I have a pattern of anticipating how I can please others that has resulted in a life so well-controlled by anticipated shame and judgment that I am holding back my own truth, my own needs and desires. Some of it is trauma-based, some of it is personal wounds I kept from healing, but almost all of it is a defensive means of restraint so that the minimum number of people will be displeased with me as possible. It has also been a way for others to control me, to keep me from voicing my needs and holding them accountable for not meeting them.
Nowhere was that control more destructive than with my sexuality. That judgment, that repulsed look in someone’s eye when they hear I am polyamorous. The body image issues that I swallowed with each compromise of a blowjob when someone was too upset by seeing my fat. The compromises, the shame, the guilt in such conflict never trusting in my own voice and intuition.
Who am I when I stop letting others tell me who they want me to be?
The only choice I had was to strip away everything that I had believed about myself, about my motives, about my injuries, about my own narrative, to take away everything that had been whispered or yelled at me. To dig out the stinger those words and actions embedded under my skin.I had to strip that all away so I’d have a chance get back to the purity of what sex means to me: the connection between two (or more) human beings who want to be there in this moment together. In it’s purest form, it is the intimacy of that shared moment that drives me and motivates me, that led me to say yes to so many experiences that can shine forward as fond memories for me.
By stripping away all the dicta, the meaningless words that don’t ultimately matter, I had to surrender to my own truth.
My truth is I have always cared to talk about the experience of sex that aligns with a soul’s purpose. I don’t mean only serious sex or lifelong committed relationships. I mean that one-night stand that awakens your passion, fuels your inspiration and then disappears. I mean that moment when you are accepted in all your fullness by a lover. I mean that 500th time you’ve had sex with your partner and they accidentally find a new way to make you moan for more. I mean that long-distance crush who teaches you the meaning of patience and resilience. I mean the sexual encounters that help us open ourselves to the connections that teach us about ourselves, allow us to glimpse possibilities within. I care about what sex can do to heal the soul with joy.
This is what I offer.
Goddess of the Crossroads: No one can do it for you
I have never felt comfortable giving people advice, telling them what they should do or what they shouldn’t do. There are always so many considerations, most of which are highly personal and relative to how you view the world. I can reflect what I see, but I can’t make the decision for you.
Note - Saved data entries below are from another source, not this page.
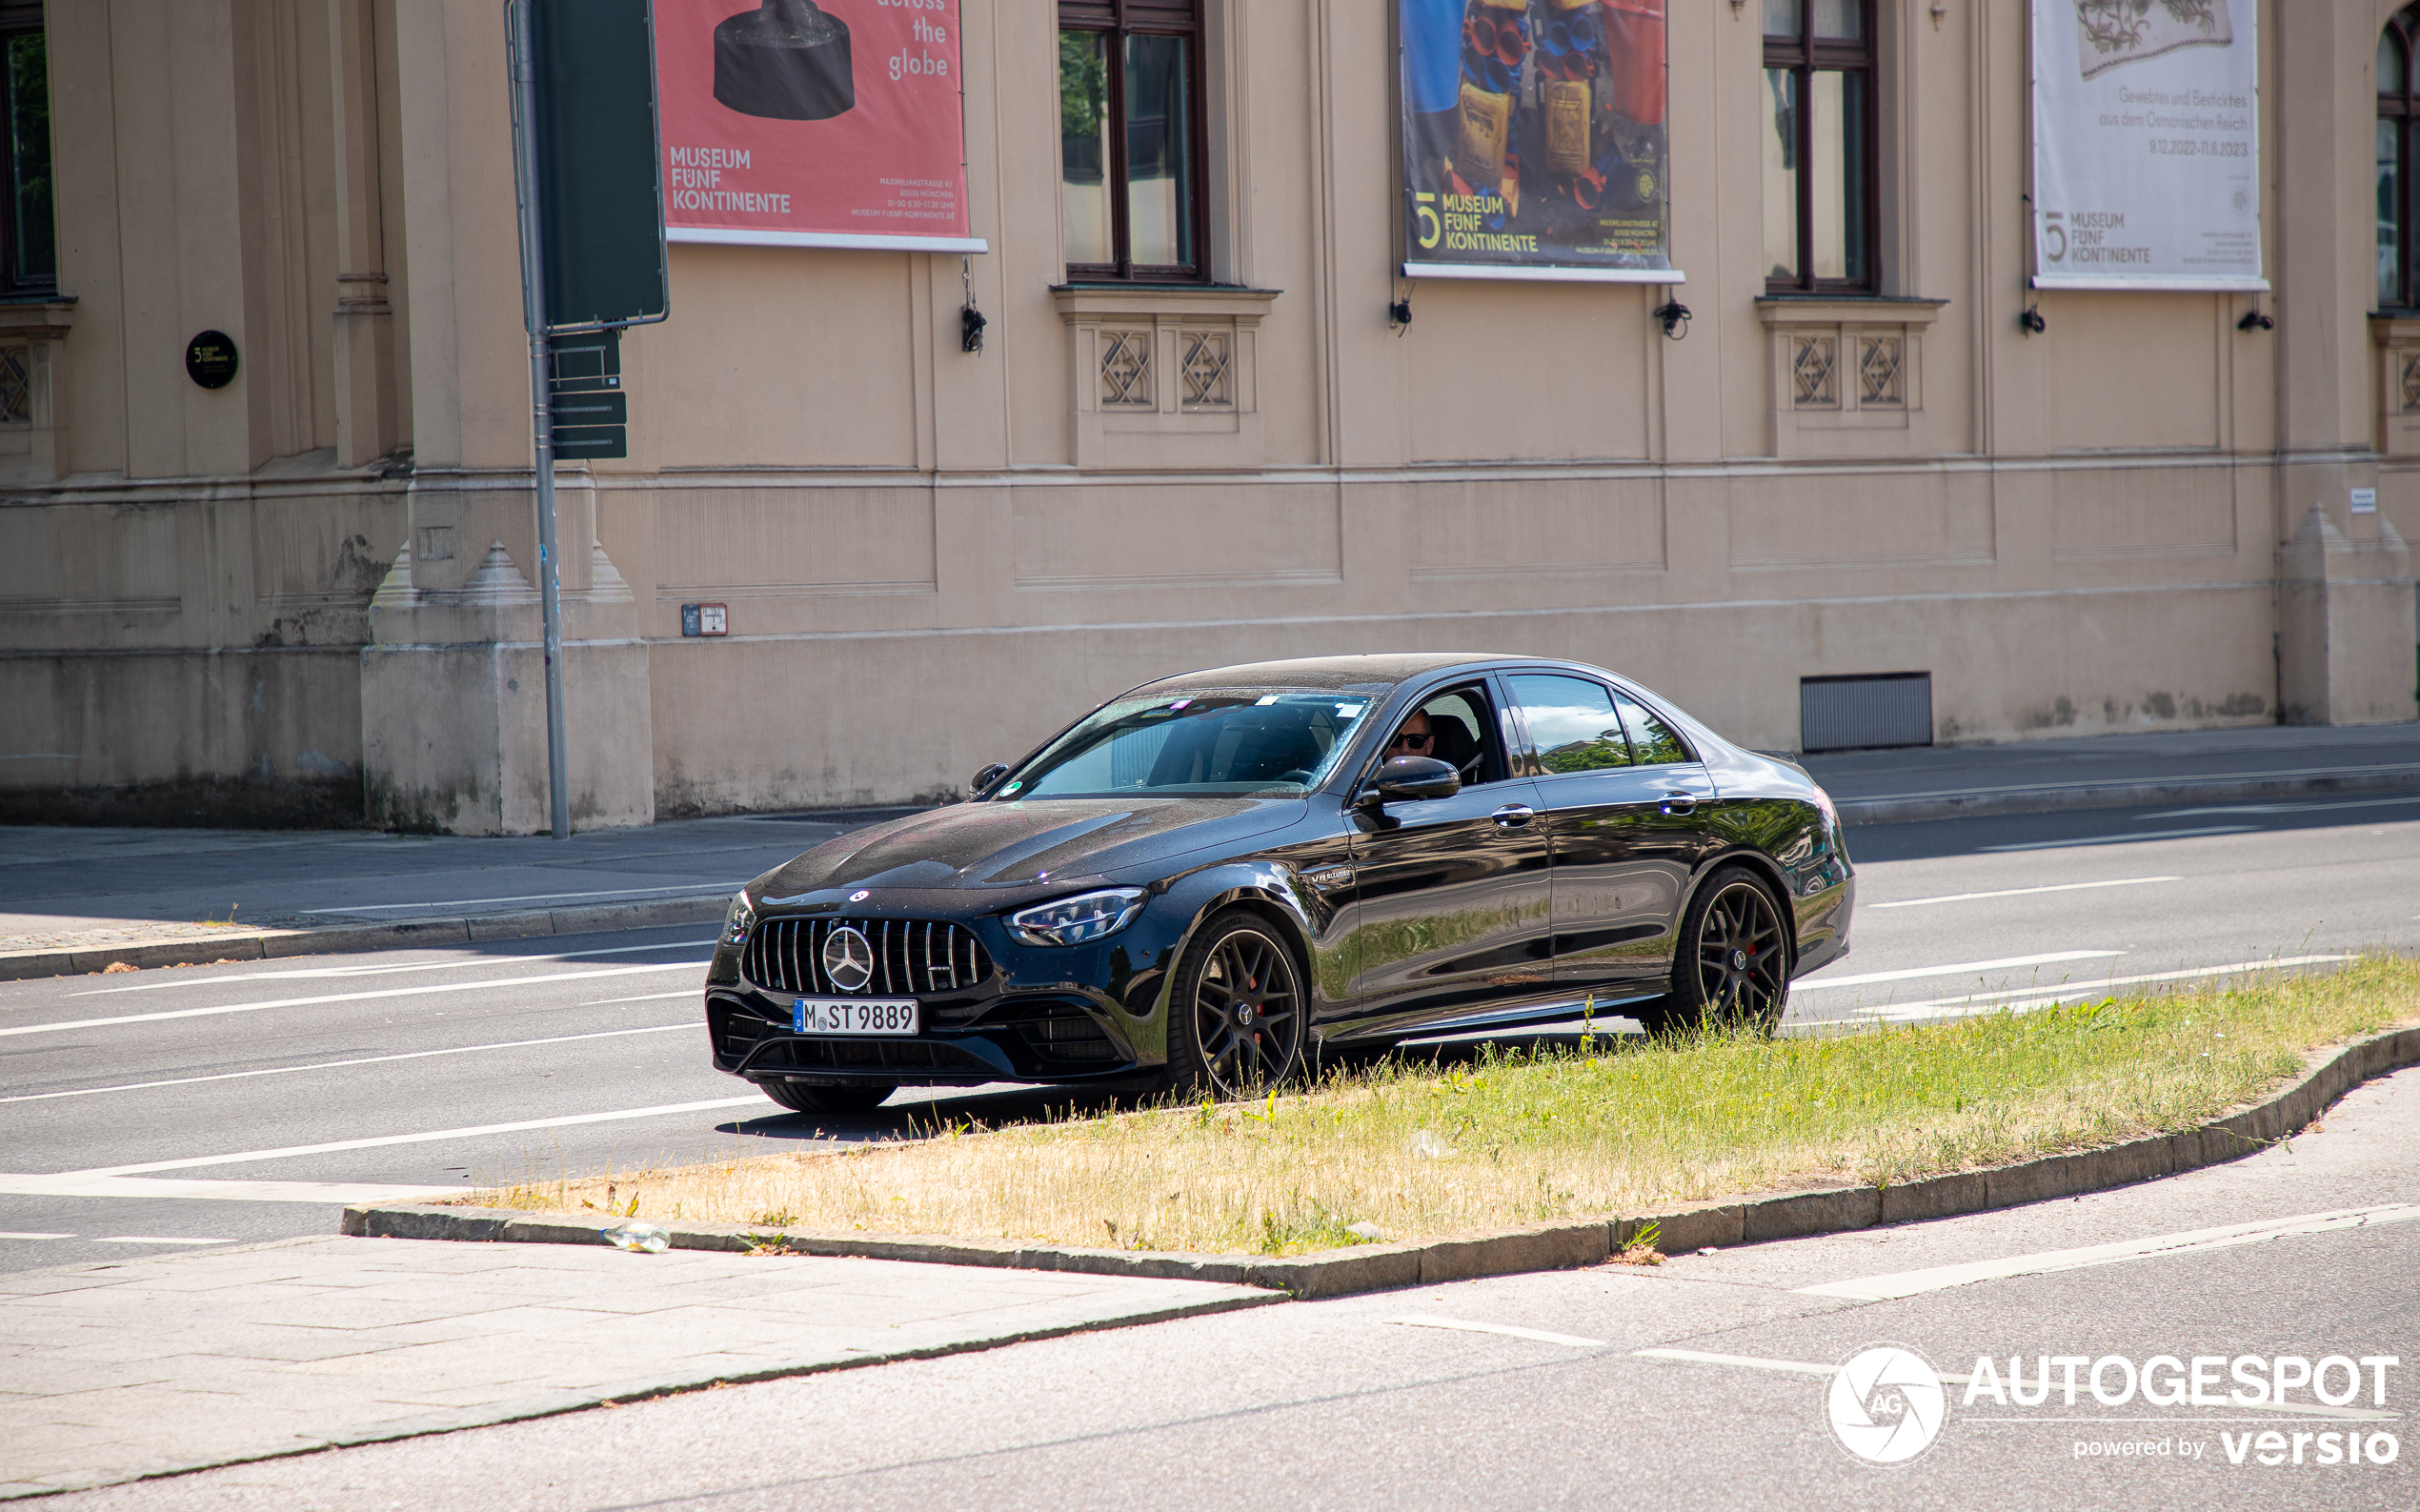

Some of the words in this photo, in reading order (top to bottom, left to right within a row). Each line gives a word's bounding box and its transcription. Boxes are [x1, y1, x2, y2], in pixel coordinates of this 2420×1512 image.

[912, 16, 947, 44] the
[889, 48, 948, 81] globe
[2119, 85, 2169, 105] Gewebtes
[2171, 90, 2190, 106] und
[2192, 90, 2248, 108] Besticktes
[2099, 113, 2120, 127] aus
[2121, 110, 2144, 127] dem
[2146, 111, 2215, 130] Osmanischen
[2216, 113, 2248, 131] Reich
[670, 146, 751, 170] MUSEUM
[672, 168, 721, 189] FÜNF
[879, 177, 943, 188] MAXIMILIANSTRASSE
[944, 179, 953, 188] 42
[673, 190, 791, 213] KONTINENTE
[920, 190, 954, 198] MÜNCHEN
[1442, 193, 1503, 214] MUSEUM
[1416, 192, 1441, 249] 5
[1444, 212, 1482, 232] FÜNF
[2070, 212, 2125, 229] MUSEUM
[1446, 232, 1539, 252] KONTINENTE
[2046, 212, 2067, 263] 5
[2072, 247, 2150, 264] KONTINENTE
[1311, 874, 1326, 882] V8
[797, 1018, 802, 1027] D
[804, 1004, 817, 1029] M
[828, 1005, 854, 1030] ST
[857, 1005, 914, 1030] 9889
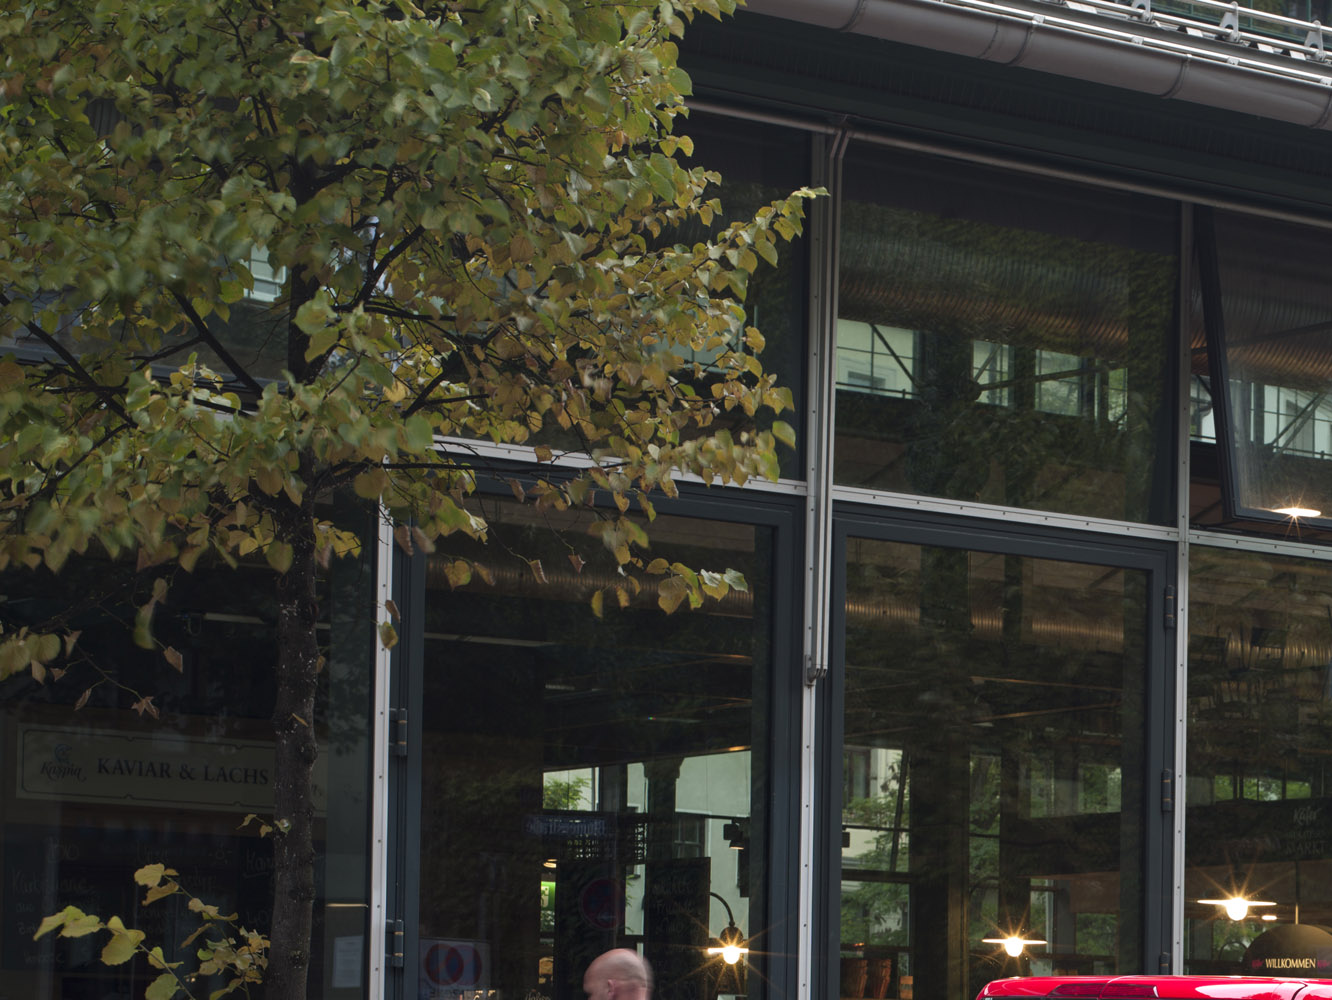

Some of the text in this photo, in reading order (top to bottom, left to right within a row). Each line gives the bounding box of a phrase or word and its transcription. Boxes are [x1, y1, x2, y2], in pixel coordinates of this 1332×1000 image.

[97, 757, 270, 786] KAVIAR & LACHS
[1265, 957, 1316, 969] WILLKOMMEN
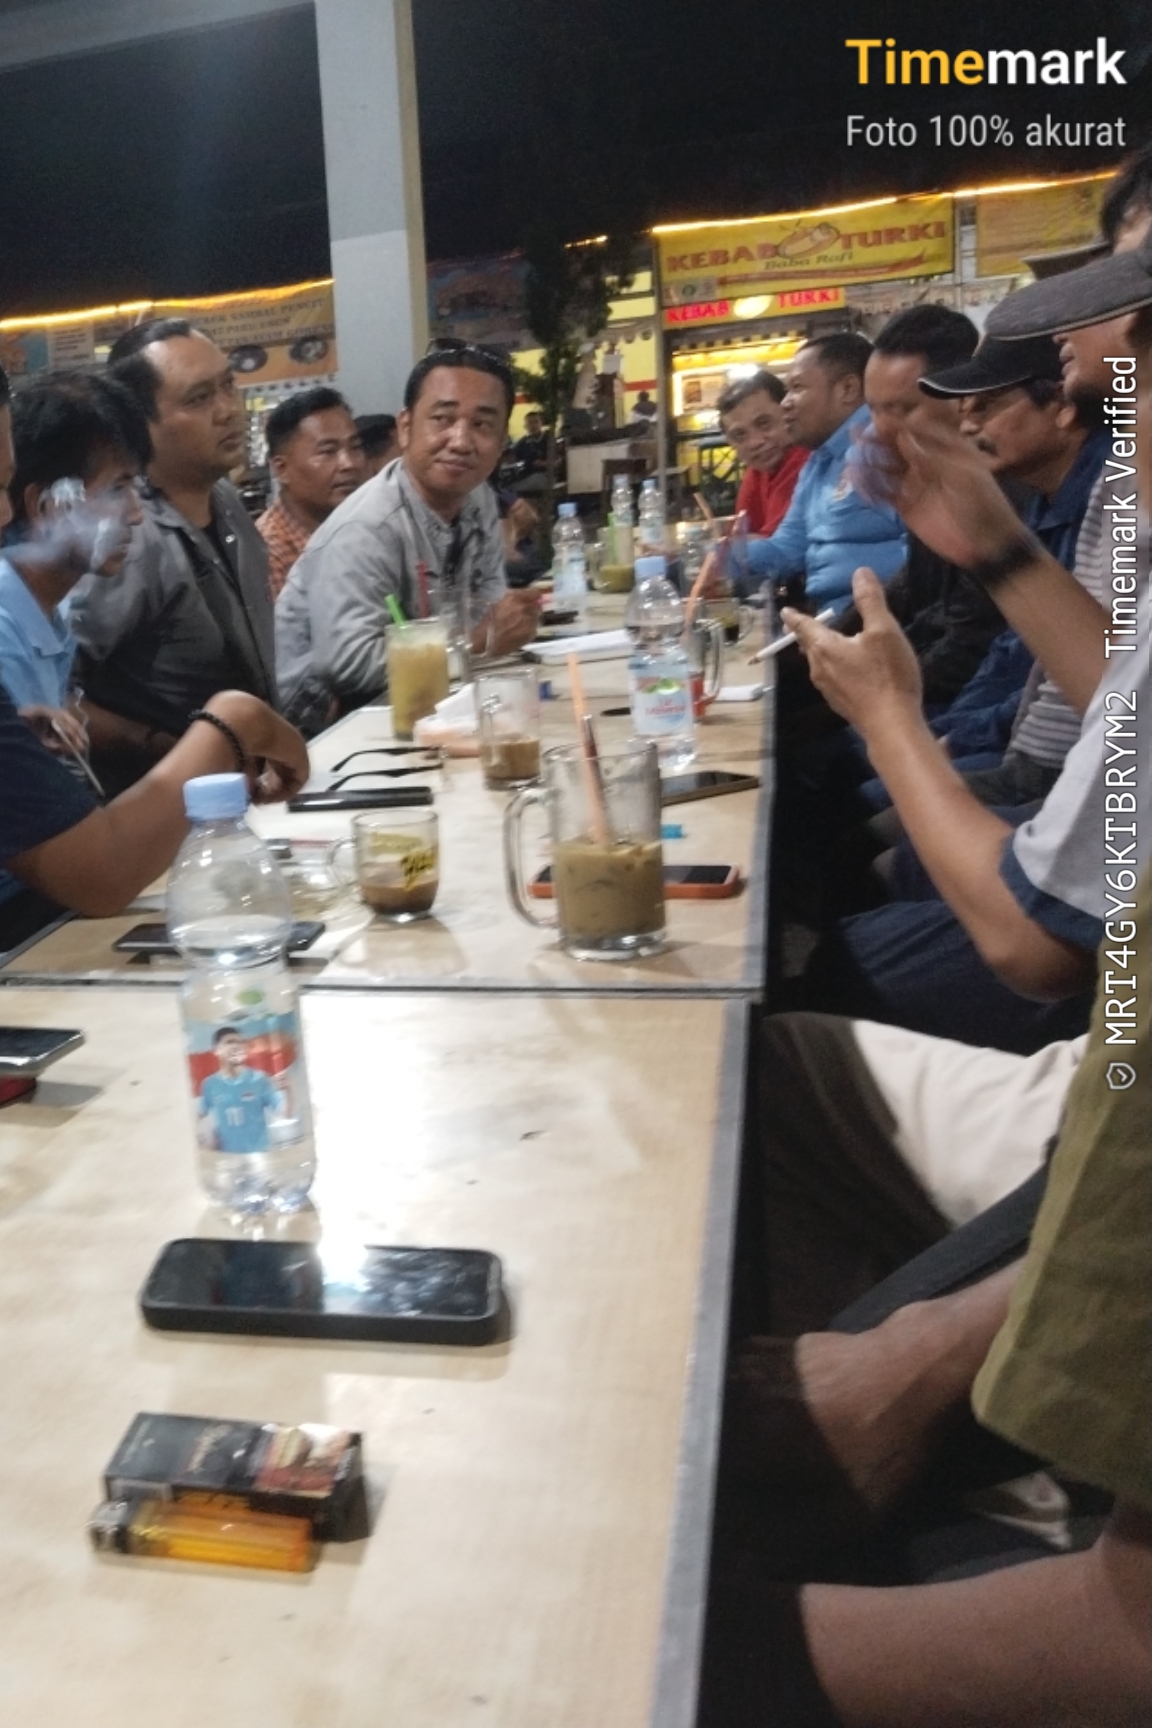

My talent, my work (even with advocacy) is to understand the invisible patterns and connections between and within people. Those dynamics motivate and inform the choices available to someone at any given time. What I care about is being a guide at the crossroads – not instructing you on what choice/path to take – but advising on how to:
- Know yourself well enough to know your priorities & boundaries;
- Evaluate the choices in light of those priorities;
- Predict the path ahead so you’re prepared for what you face after the choice including the collateral consequences to others; and
- Identify opportunities for alignment with the person you most want to become.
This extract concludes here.